En el nicho en penumbra en el que estaba, la metralleta en las manos, Mayta no oía ningún ruido. Tampoco veía nada, salvo dos rayitos de luz, por las junturas de la puerta. Pero no tenía dificultad en adivinar, con precisión, que en ese instante Vallejos entraba a la cuadra de los catorce guardias y los despertaba con voz de trueno: «¡Atenciooooón!». «¡Limpieza de Máuseres!» Pues el comandante armero de Huancayo acababa de avisarle que vendría a pasar revista temprano por la mañana. «Tengan cuidado, sean maniáticos con el exterior y con el alma de los fusiles, cuidadito que alguno esté anillado y no me lo noten.» Pues el Subteniente Vallejos no quería recibir más resondrones del comandante armero. Los fusiles útiles y la munición de cada guardia republicano —noventa cartuchos— serían llevados a la Prevención. «¡A formar en el patio!» Entonces vendría su turno. Ya estaba la maquinaria en marcha, las piezas en funcionamiento, esto es la acción, esto era. ¿Habrían llegado los de Ricrán? Espiaba por las rendijas, esperando las siluetas de los guardias llevando sus Máuseres y municiones al cuartito del frente, uno detrás de otro, y entre ellos, Antolín Torres.

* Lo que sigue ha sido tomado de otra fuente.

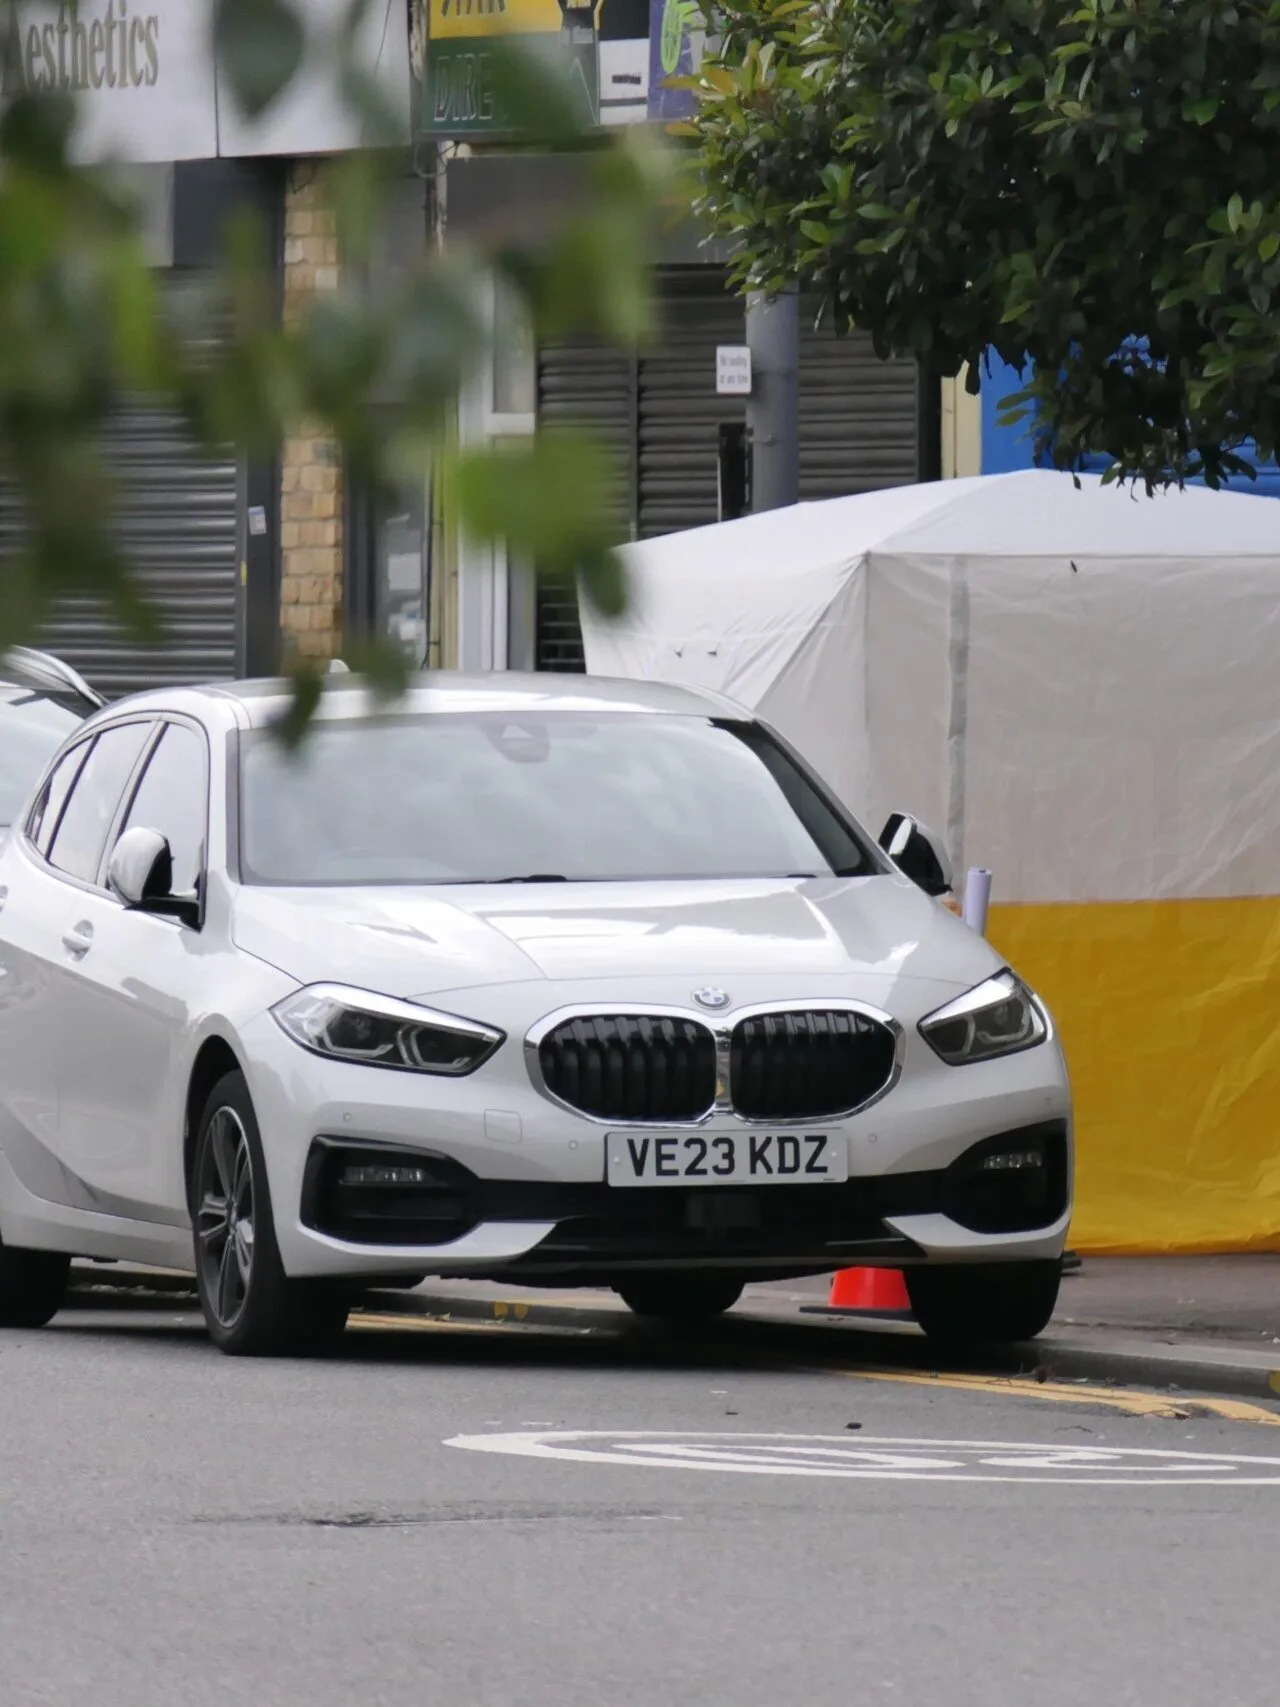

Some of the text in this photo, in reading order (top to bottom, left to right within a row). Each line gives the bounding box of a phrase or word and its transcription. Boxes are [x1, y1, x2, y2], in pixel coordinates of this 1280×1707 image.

[627, 1135, 828, 1177] VE23 KDZ
[612, 1443, 1238, 1470] 20

Es un guardia republicano jubilado que vive en la calle Manco Cápac, a medio camino entre la cárcel y la tienda de Don Ezequiel. Para evitar que el ex–peluquero me descerrajara un puñete o le diera una apoplejía he tenido que marcharme. Sentado en una banca de la majestuosa Plaza de Jauja —afeada ahora por los caballetes con alambres de las esquinas de la Municipalidad y la Subprefectura— pienso en Antolín Torres. He conversado con él esta mañana. Es un hombre feliz desde que los «marines» lo contrataron de guía y traductor (habla el castellano tan bien como el quechua). Antes tenía una chacrita, pero la guerra la destruyó y se estaba muriendo de hambre hasta que llegaron los gringos. Su trabajo consiste en acompañar a las patrullas que salen a recorrer las inmediaciones. Sabe que este trabajo le puede costar el pescuezo; muchos jaujinos le vuelven la espalda y la fachada de su casa está llena de inscripciones de «Traidor» y «Condenado a muerte por la justicia revolucionaria». Por lo que me ha dicho Antolín y las palabrotas de Don Ezequiel, las relaciones entre los «marines» y los jaujinos son malas o pésimas. Incluso la gente hostil a los insurrectos alienta un resentimiento contra estos extranjeros a los que no entienden y, sobre todo, que comen, fuman y no padecen ninguna privación en un pueblo donde hasta los antiguos ricos pasan penurias. Sesentón de cuello de toro y gran barriga, ayacuchano de Cangallo que se ha pasado la vida en Jauja, Antolín Torres tiene un castellano sabroso, brotado de quechuismos. «Que me maten, pues, los comunistas, me ha dicho. Pero, eso sí, me matarán bien comido, bien bebido y fumando rubios.» Es un narrador que sabe graduar los efectos con pausas y exclamaciones. Aquel día, hace veinticinco años, le tocaba entrar de servicio a las ocho, reemplazar como centinela en la puerta al guardia Huáscar Toledo. Pero Huáscar no estaba en la garita sino adentro, con los demás, terminando de engrasar el Máuser para la visita del comandante armero. El Subteniente Vallejos los apuraba y Antolín Torres malició algo.